Hey, you left out the PLUM Guide, possibly the best of the techies - 
http://www.fixation-plum.com/index.php?lang=en


----------



## noreasterbackcountry (Nov 20, 2011)

Added the Plum to the list. Thanks!


----------



## riverc0il (Nov 20, 2011)

noreasterbackcountry said:


> Added the Plum to the list. Thanks!


And at $700, the Plum actually makes the Dynafit Vertical seem reasonably priced!


----------



## jimmywilson69 (Nov 21, 2011)

thanks for the chart.  i am getting a pair of barrons.  I might get a few earned turns in an a year at best,but having the flexibility to do so seems worth it!


----------



## skidmarks (Nov 30, 2011)

Thanks for the Chart!

I just took a look at the new Salomon/Atomic binding and boy did they ever copy the Marker Toe!! I hope Salomon will test this system out better than they did the Quest Boot with tech plates.

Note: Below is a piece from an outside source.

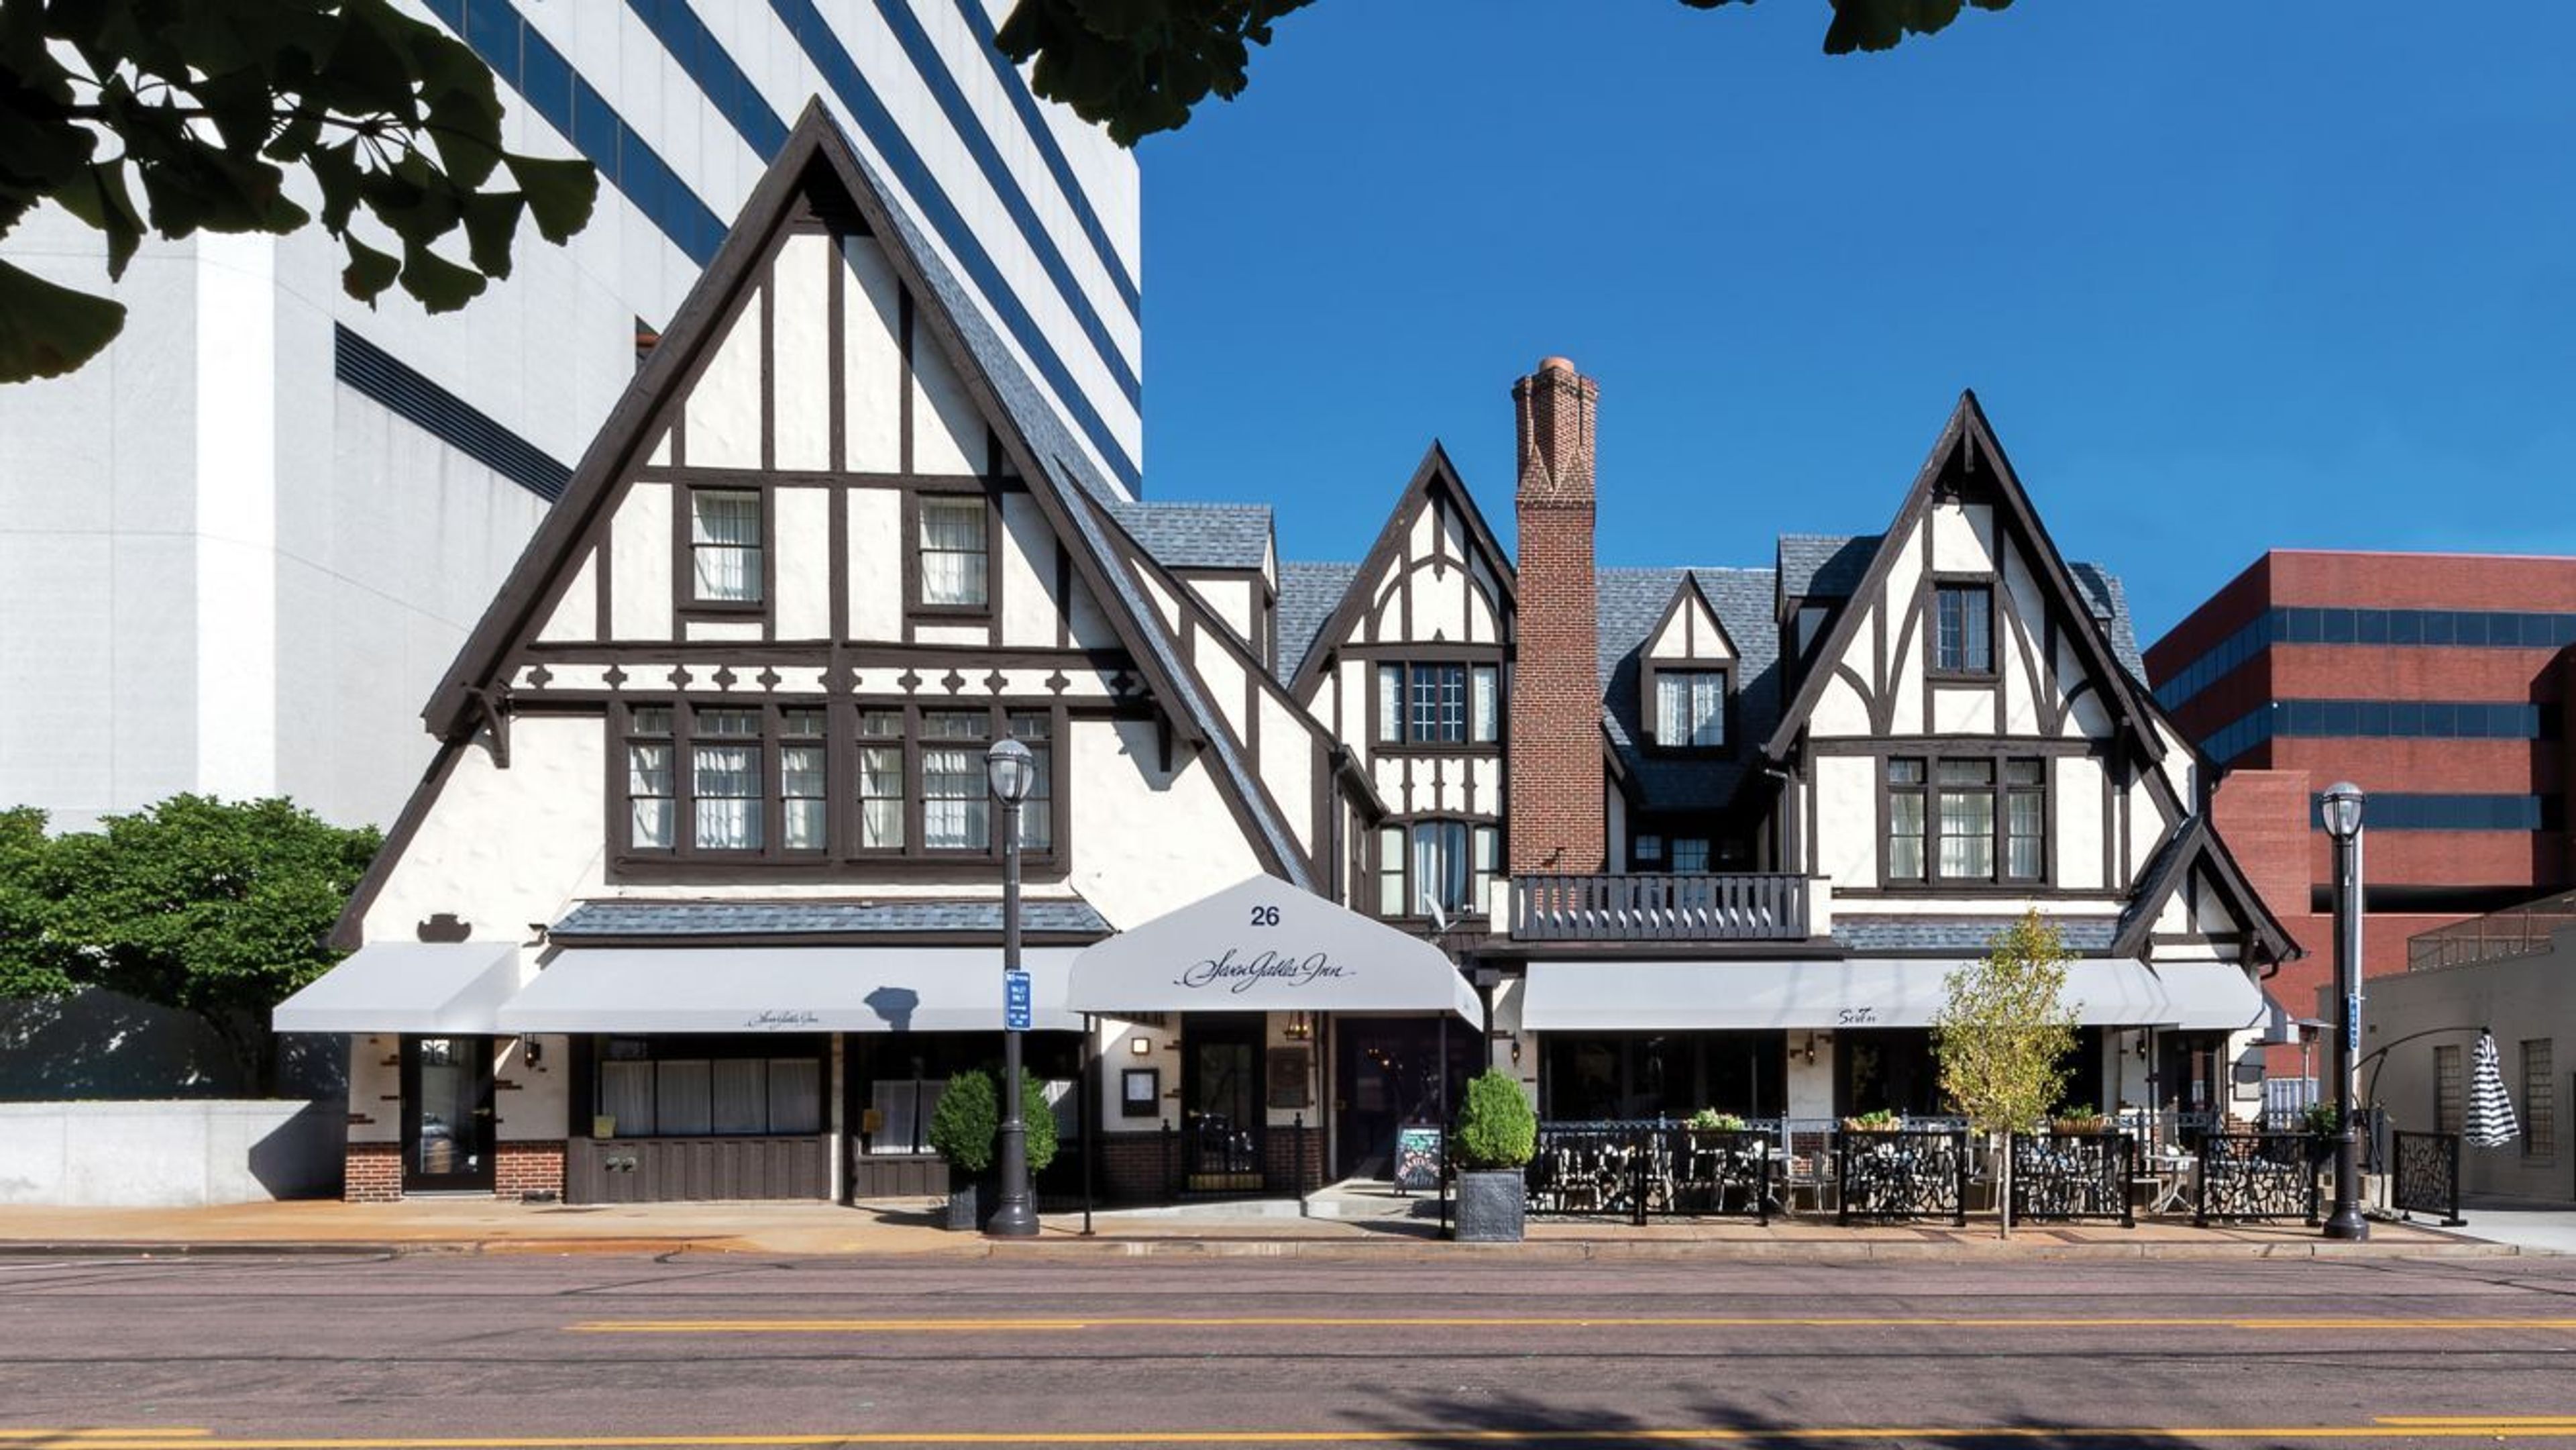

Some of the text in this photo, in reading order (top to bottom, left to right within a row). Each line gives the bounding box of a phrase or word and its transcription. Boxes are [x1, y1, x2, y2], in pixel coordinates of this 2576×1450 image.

[1250, 906, 1280, 927] 26
[1174, 948, 1356, 993] Seven Gables Inn
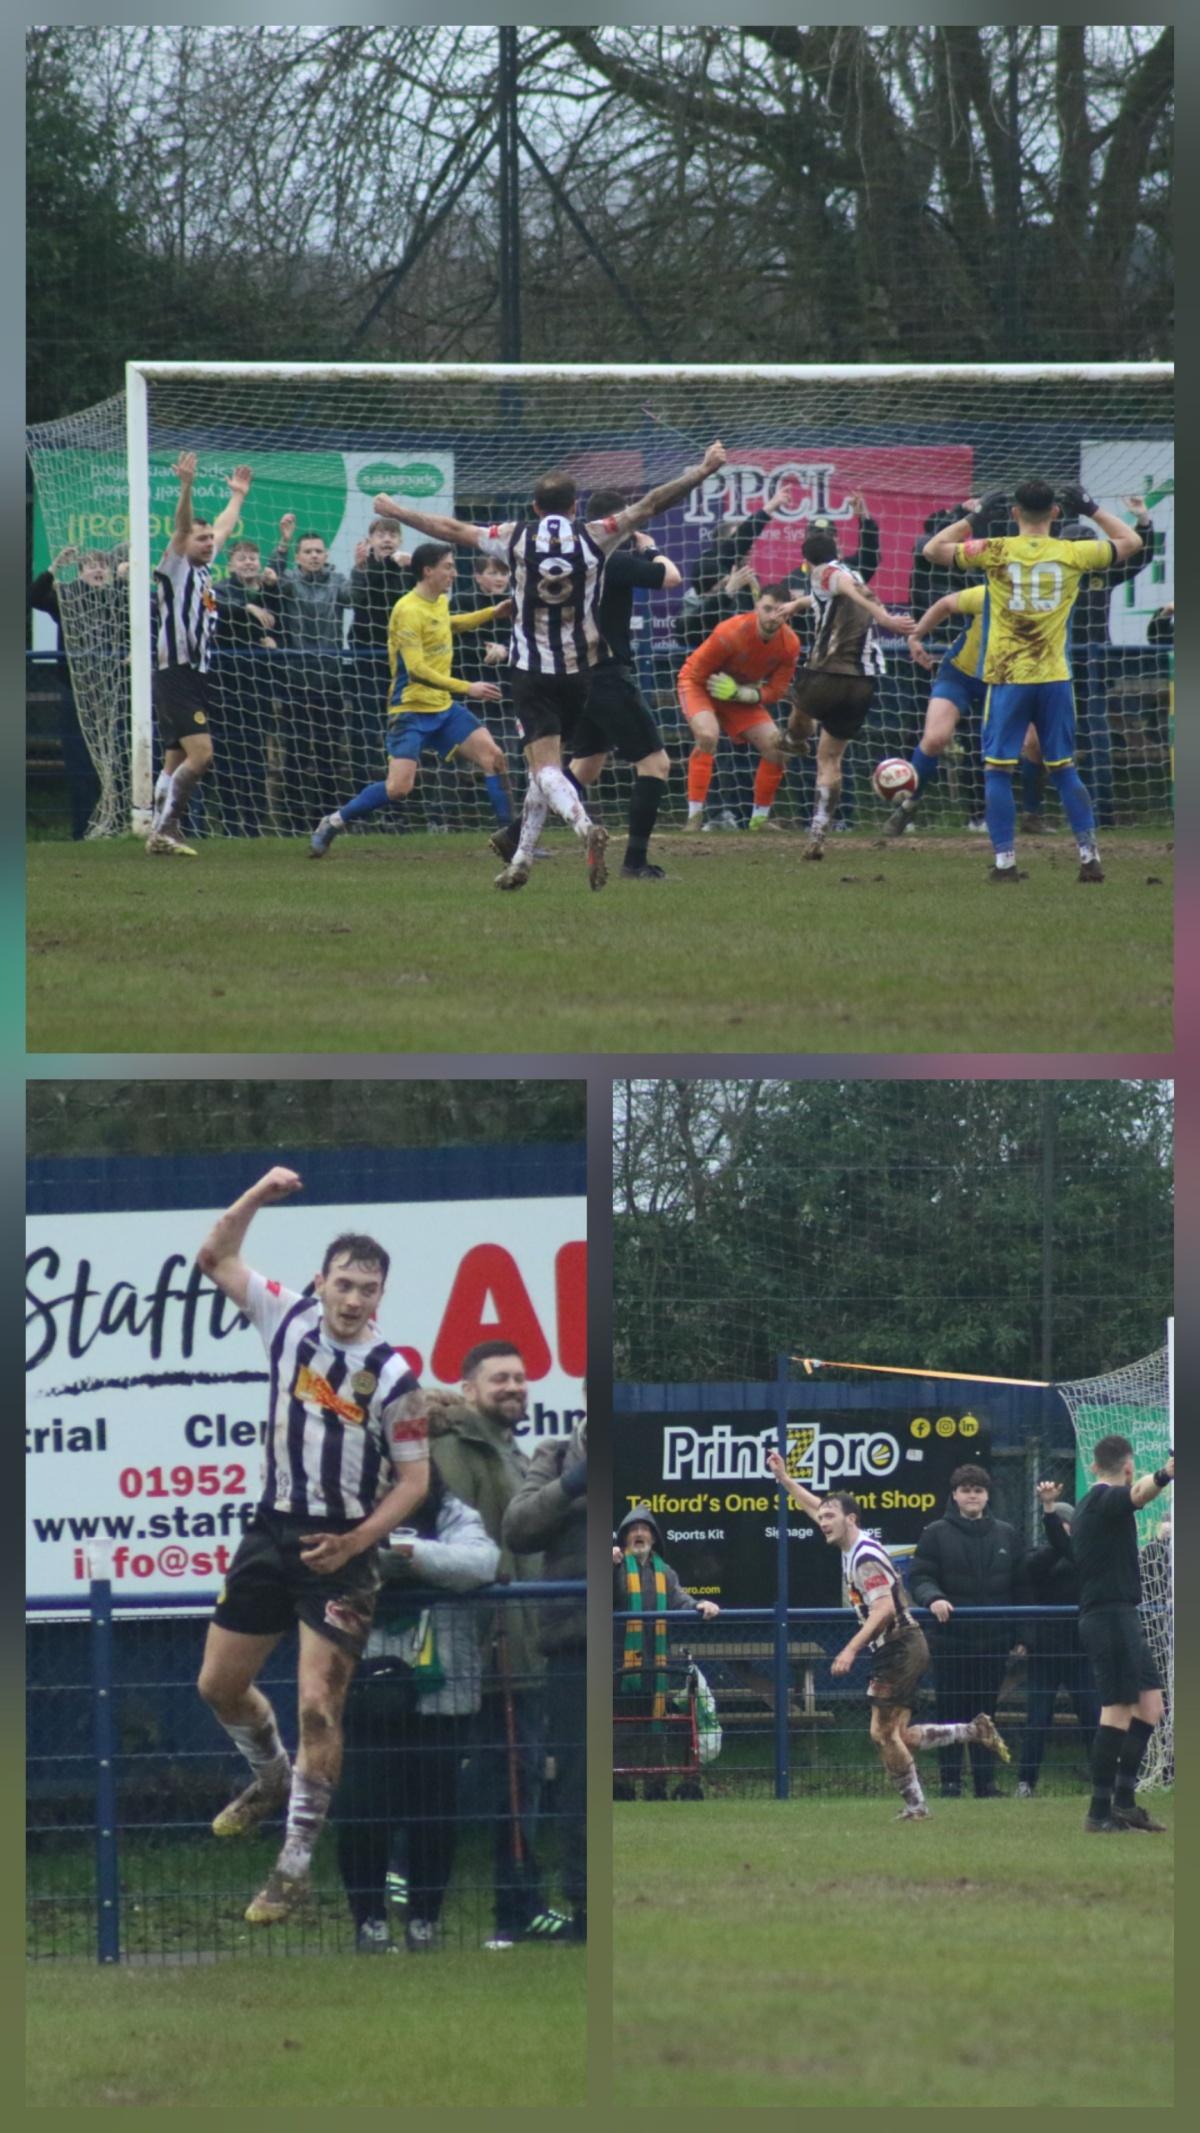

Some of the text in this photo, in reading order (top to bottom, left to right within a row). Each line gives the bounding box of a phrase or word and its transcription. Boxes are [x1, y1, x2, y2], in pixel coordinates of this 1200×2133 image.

PS: Avoid Naxo bindings they make your skis flex in a strange way


----------



## snowmonster (Dec 2, 2011)

skidmarks said:


> PS: Avoid Naxo bindings they make your skis flex in a strange way


Didn't Naxo go out of business?


----------



## riverc0il (Dec 2, 2011)

snowmonster said:


> Didn't Naxo go out of business?


New ones are still being dumped at rock bottom prices. The Naxo rep is so bad skiers won't even buy them for a Benjamin.


----------